[Dataset entries]
>>

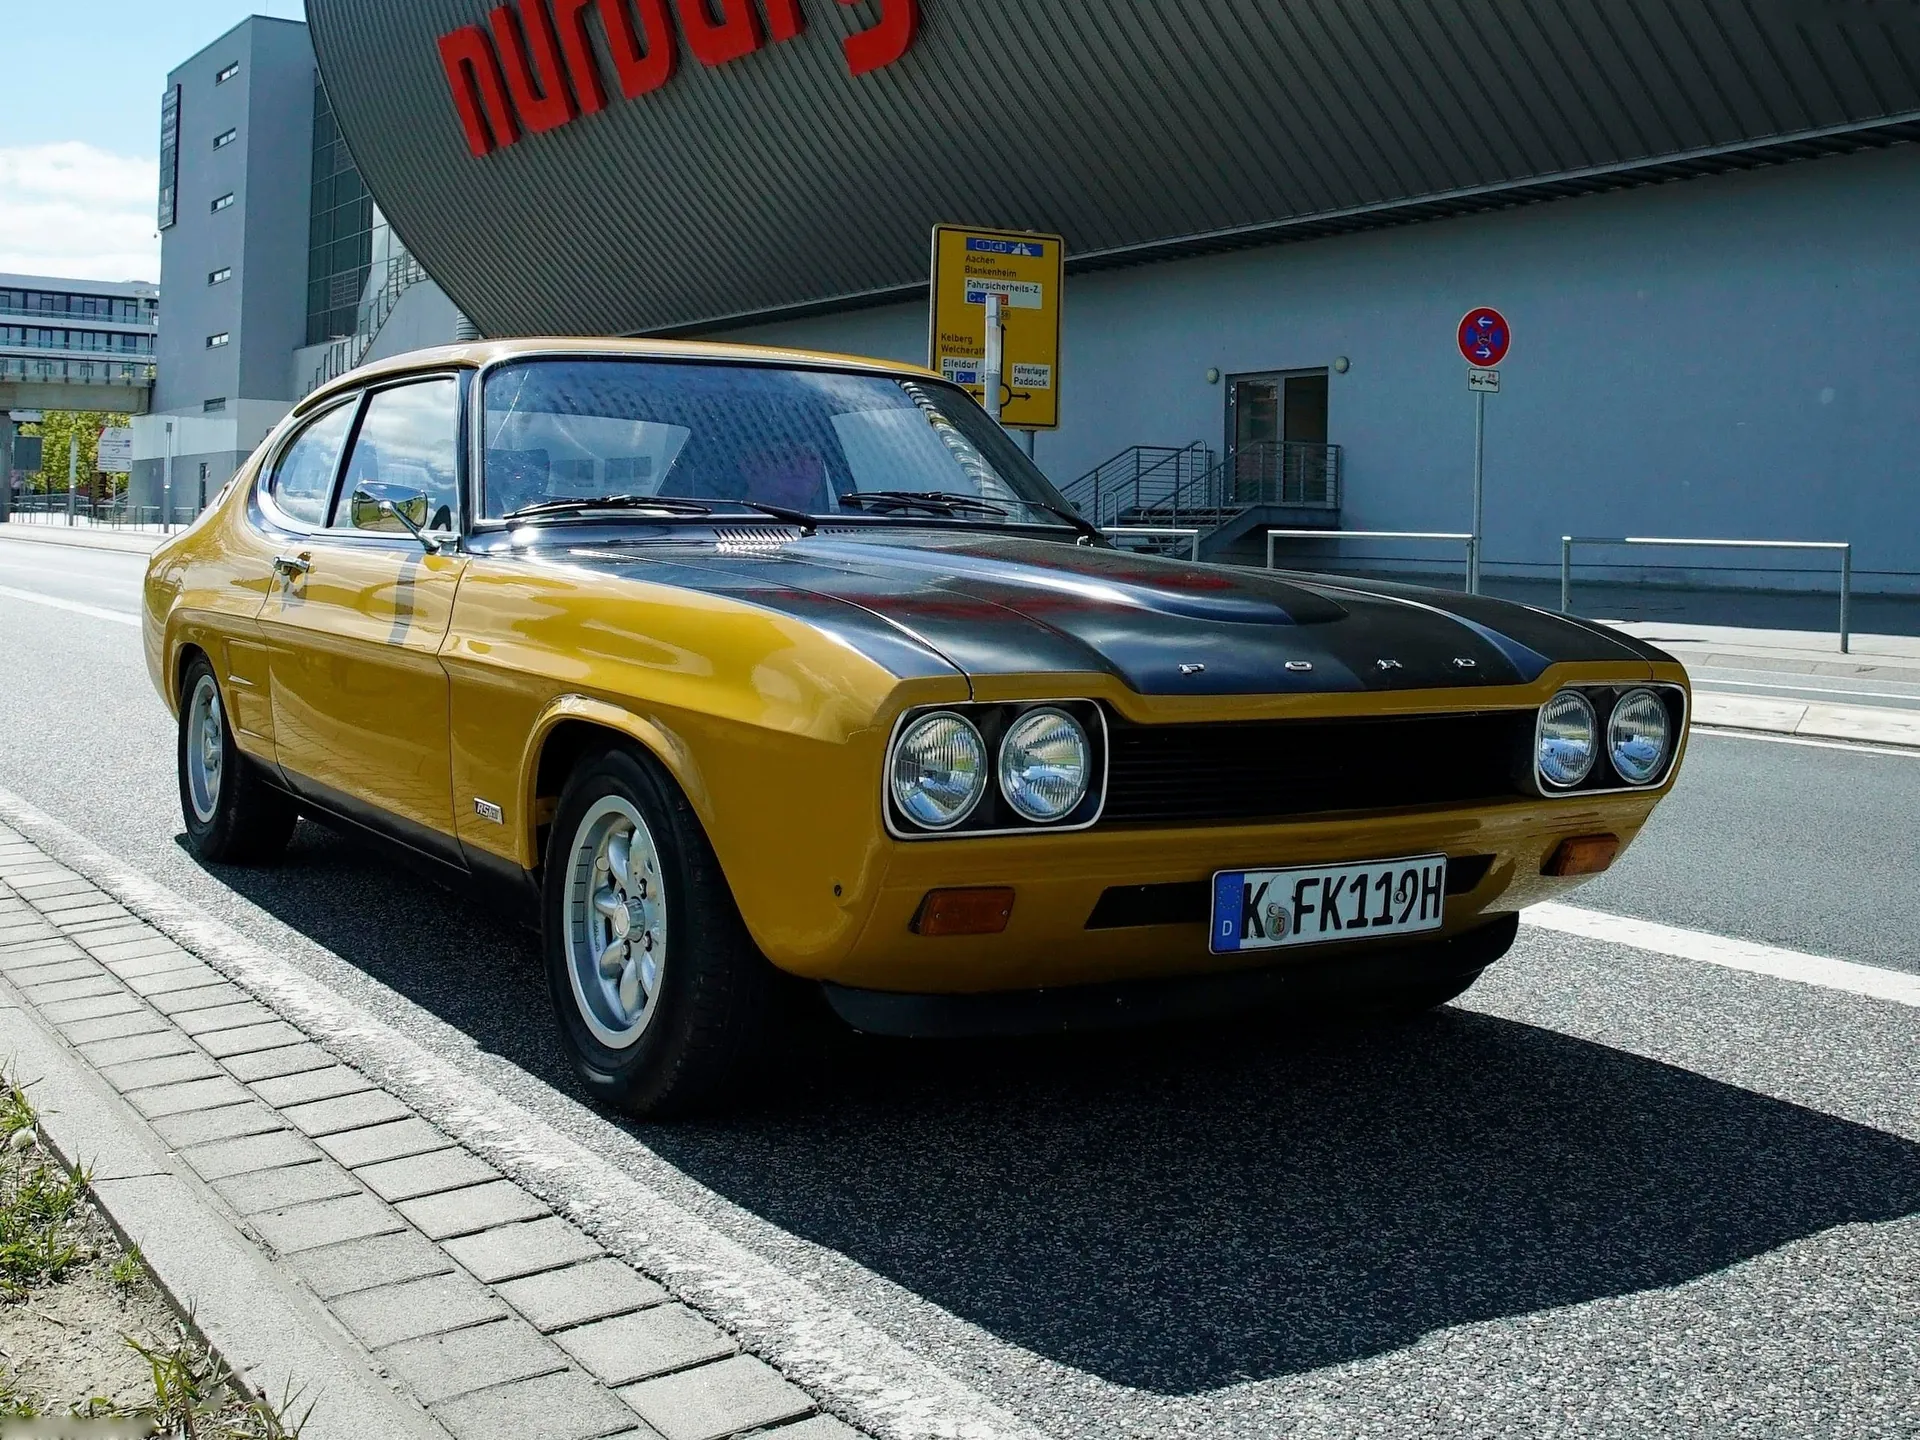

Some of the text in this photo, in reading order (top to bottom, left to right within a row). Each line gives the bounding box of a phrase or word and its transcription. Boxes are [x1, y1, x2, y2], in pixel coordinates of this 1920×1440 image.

[965, 254, 996, 265] Aachen
[964, 265, 1017, 277] Blankenheim
[941, 332, 973, 345] Kelberg
[943, 358, 979, 369] Eifeldorf
[1014, 365, 1049, 377] Fahrerlager
[1014, 376, 1048, 387] Paddock
[1222, 920, 1233, 937] D
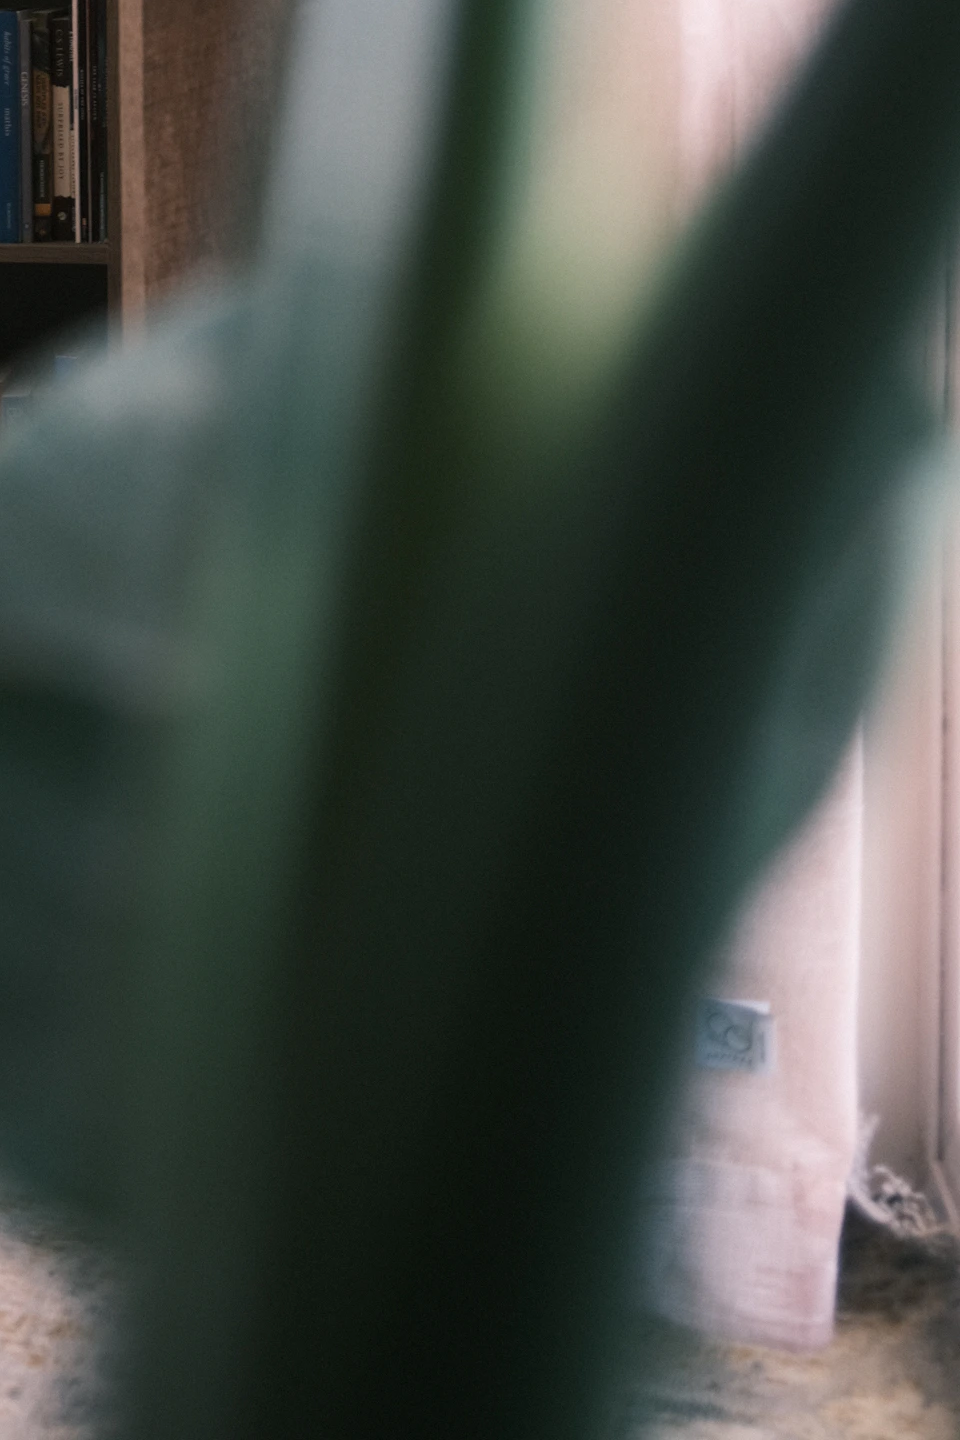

<<

Word for word, please reproduce each entry above and leave out every picture.

# SOLUTION:
Some of the text in this photo, in reading order (top to bottom, left to right within a row). Each line gives the bounding box of a phrase or word and its transcription. Boxes are [x1, y1, x2, y2], in pixel coordinates of this 1920×1440 image.

[965, 254, 996, 265] Aachen
[964, 265, 1017, 277] Blankenheim
[941, 332, 973, 345] Kelberg
[943, 358, 979, 369] Eifeldorf
[1014, 365, 1049, 377] Fahrerlager
[1014, 376, 1048, 387] Paddock
[1222, 920, 1233, 937] D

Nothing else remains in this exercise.